Only one task proved problematic. In Hide-and-Seek-V, as discussed, we were surprised by the speed of the responses with the unfortunate consequence that the testers’ reaction times were probably a non-negligible component in the scores. Slowing the search by using more distractors/shared features and/or reducing the duration of presentation could improve the task.

With the exception of the Hide-and-Seek-V, the factor analysis was consistent with the hypothesised separation of selective and sustained measures superimposed upon generally positive inter-test correlations. The relationships between TEA-Ch performance and the factor scores in older children in the sample were also consistent with this picture.

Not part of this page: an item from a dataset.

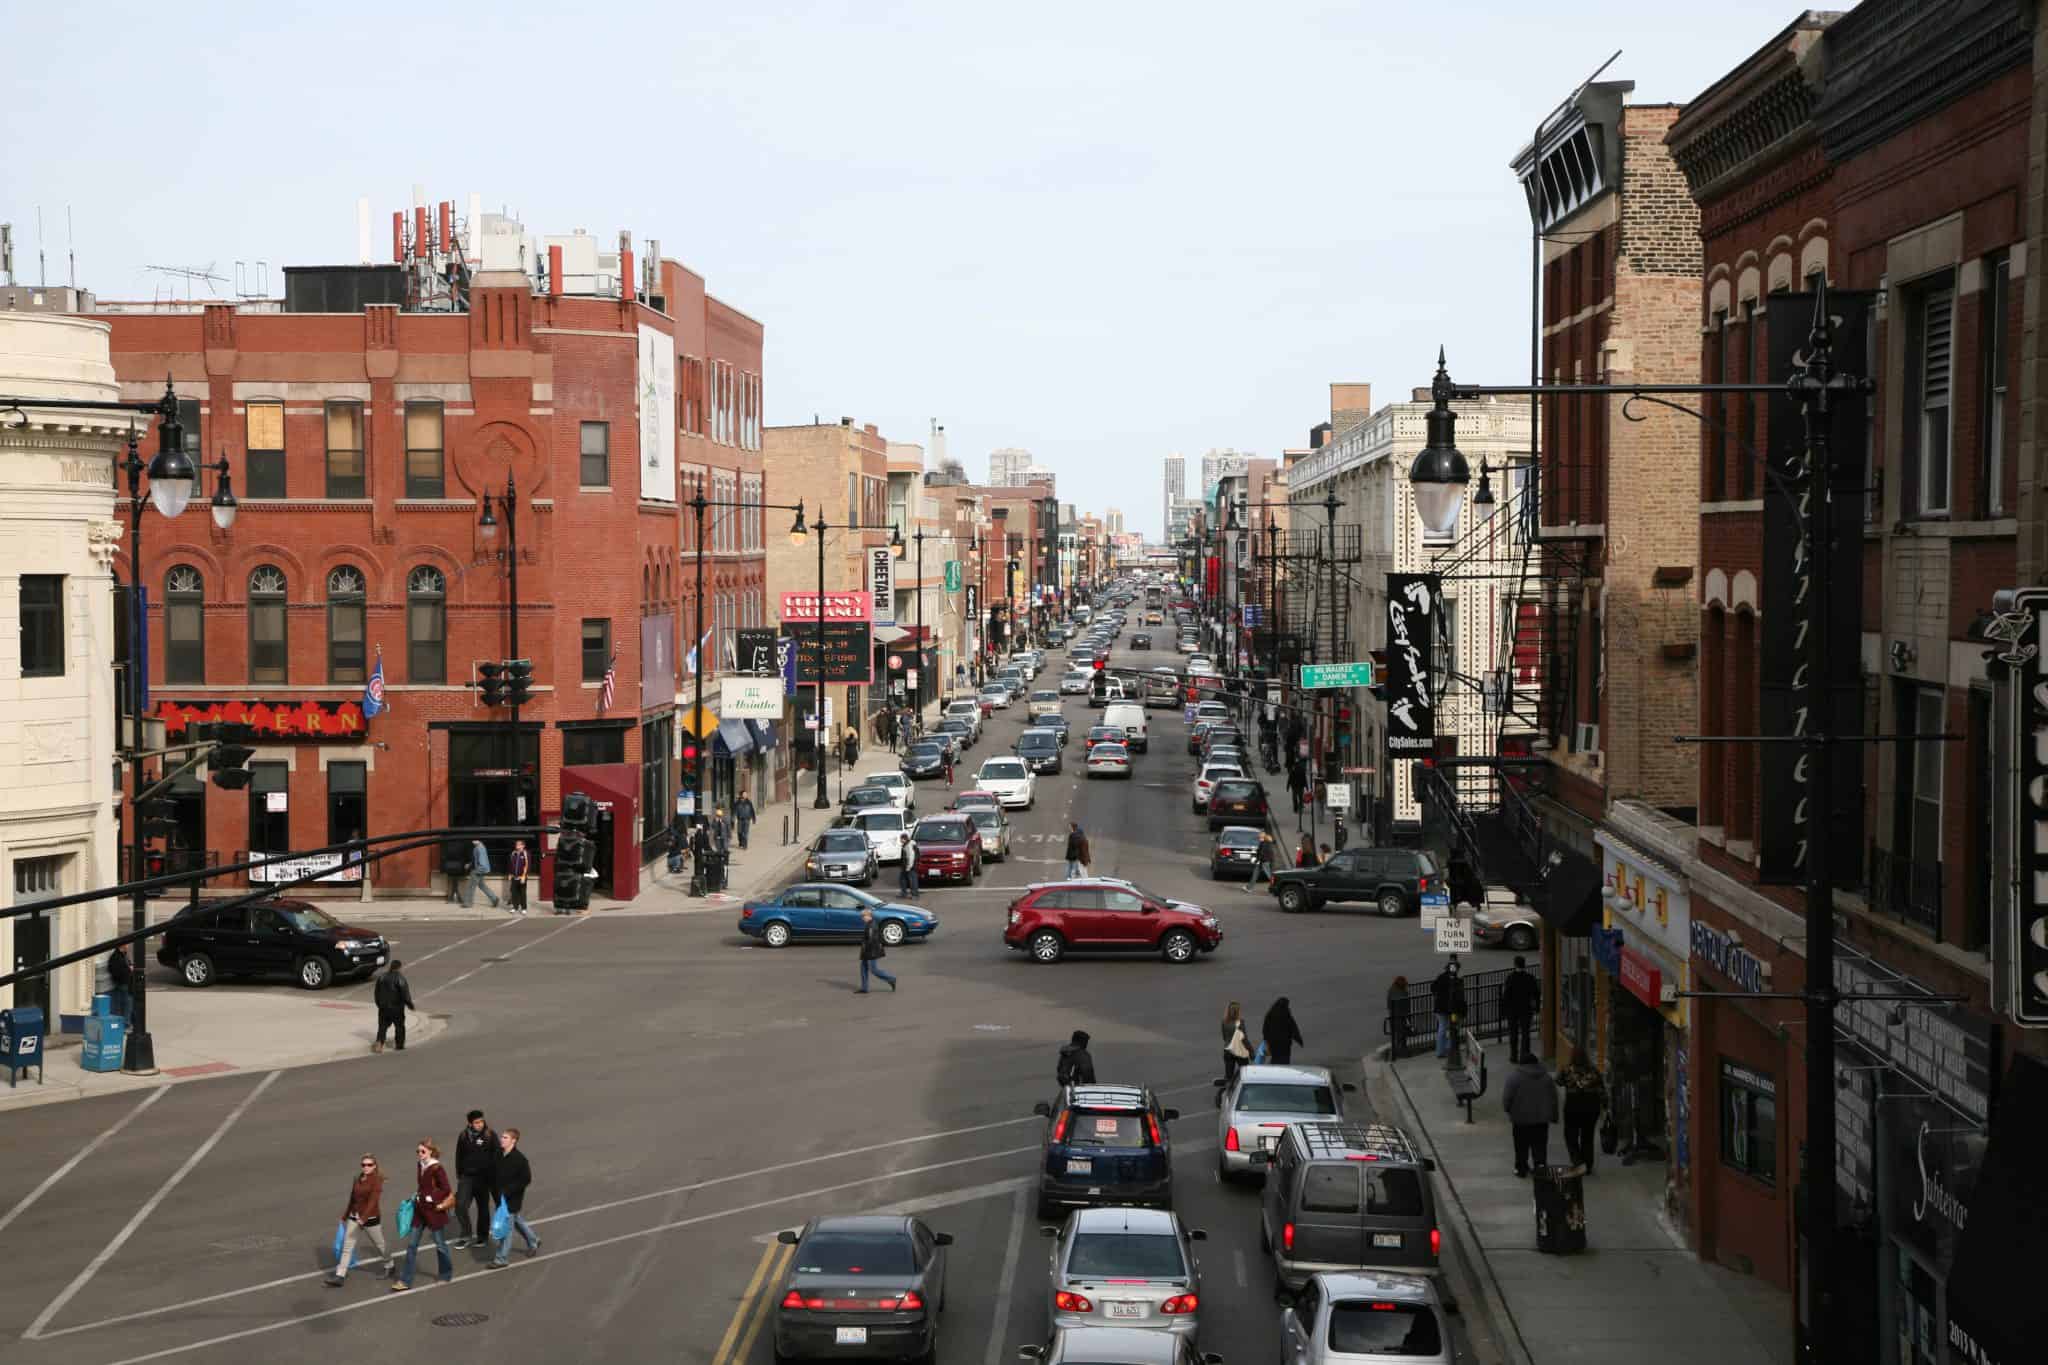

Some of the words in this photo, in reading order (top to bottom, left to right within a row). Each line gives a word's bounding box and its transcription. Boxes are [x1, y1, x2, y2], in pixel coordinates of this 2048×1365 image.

[874, 550, 889, 606] CHEETAH
[184, 713, 359, 730] TAVERN
[1446, 920, 1461, 928] NO
[1949, 1320, 1968, 1355] 2013

Considering overlap and differences between selective and sustained attention, let us first consider a well worked through example of selection in the visual system [26]. Objects and locations can be viewed as competing for representation. Aspects of this competition can be seen at many levels of the system. In infero-temporal cortex, for example, increased representation of one object will be at the expense of another [27]. In parietal cortex, attention to one spatial location will favour processing of a stimulus subsequently presented there at the cost of others [28]. What wins the competition at any given time will be influenced by inherent characteristics of stimuli or location (e.g. salience, movement, biological significance, spatial cues) but also by task-set or intention. It is this goal-directed attention that instruments such as the TEA-Ch^J aim to measure – the efficiency with which an arbitrary instruction held in working memory (e.g. “find balloons”) influences competition to produce fast, correct detections. Desimone & Duncan’s [26] key insight was that such intentional selection cannot occur only at the end of visual processing because the representation of relevant targets may already have been extinguished by irrelevant but salient rivals. Rather, task-relevant signals must influence the affray at all competitive levels of the system.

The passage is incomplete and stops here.